Genes for transcription factors that contain typical DNA binding motifs, such as MYB, bZIP, have been demonstrated to be stress inducible 24. Transcription factors containing similar domains are present in the Glycine soja ESTs and may be important in regulating the response to salt stress.

Seeds of Glycine soja (50109) were inoculated in half-strength solid MS medium (pH5.8) in the dark until germination. Plants were grown at 25°C in a greenhouse with a photoperiod of 15 h light/9 h dark. One-month-old seedlings were transferred into 150 mM NaCl solutions. Equal leaves were sampled at 0.5 h, 1 h, 3 h and 6 h and immediately frozen in liquid nitrogen. Frozen tissues were stored at -80°C until use.

Total RNA was isolated from plant materials with Trizol (Invitrogen) according to the manufacturer's instructions. The RNA concentration was determined by spectrophotometry, and its integrity was assessed by electrophoresis in 1% (w/v) formaldehyde-agarose gels 25.

For the full-length cDNA library, 2 μg of mRNA were used for cDNA synthesis using the SMART cDNA synthesis kit (Clontech, Palo Alto, CA, USA) according to the manufacturer's protocol. The resulting double-stranded cDNAs were digested with SfiI and ligated into the SfiI site of λ TriplEx2. The phagemids were packaged according to the instruction of Gigapack III Plus-7 packaging extract kit (Stratagene company).
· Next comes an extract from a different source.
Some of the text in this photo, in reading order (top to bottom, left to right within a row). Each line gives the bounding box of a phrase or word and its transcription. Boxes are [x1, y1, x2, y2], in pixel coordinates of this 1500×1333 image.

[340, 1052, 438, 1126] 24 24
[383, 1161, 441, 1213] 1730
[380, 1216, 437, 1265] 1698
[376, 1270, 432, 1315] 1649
The average titer of the libraries was ~2 × 10⁵ pfu/ml.

Homologous recombination with E. coli BM25.8 was conducted to convert the phage libraries to the plasmid form. 8300 colonies were randomly selected and activated as templates of PCR reactions. The primers are as follows: P5':5'-GGCCATTACGGCCGGG-3'; P3':5'-CCGAGGCGGCCGACATG-3'. PCR was performed for 30 cycles of 30 s at 94°C, 30 s at 69°C and 2 min at 72°C. The PCR products were electrophoresed next to DNA size markers to estimate the molecular sizes of the insert DNAs. The clones with inserted fragments' size ≥ 500 bp were sequenced by Shanghai Sangon Company.
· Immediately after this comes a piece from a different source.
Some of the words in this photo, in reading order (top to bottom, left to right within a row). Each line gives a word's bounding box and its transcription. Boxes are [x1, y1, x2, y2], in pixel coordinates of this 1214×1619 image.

The trimming process, which included the removal of low-quality sequences, poly(A) tails, ribosomal RNA, and vector regions, was conducted as described by Telles and da Silva 26 with minor modifications. In addition, sequences shorter than 100 bases were not included in the analysis.

The resulting sets of cleaned sequences were assembled into contigs by PHRAP program27 using the following parameters: minmatch 100, minscore 94.

To assign annotation to contigs, BLASTX was used to search the Uniprot (EBI) with terms from the Gene Ontology Consortium28 controlled vocabularies. The expectation value (e-value) cutoff for BLASTX was set at 1e-5.

In order to survey the similarity between soybean and wild soybean expressed sequences, our set of ESTs was blasted against local installations of GMGI (Glycine max Gene Index, release 12), AGI (Arabidopsis Gene Index, release 12) and OGI (Oryza sativa Gene Index, release 16) from TIGR. The Glycine soja ESTs were also blasted against Arabidopsis CDS from TAIR (release 6) at 1e-15. The raw data (cel file) of microarray experiment of Arabidopsis from TAIR (AtGenExpress) were used to identify up-regulated CDS of Arabidopsis response to salt stress. The software RMAExpress (Ben Bolstad) was used to scale/normalize the raw data.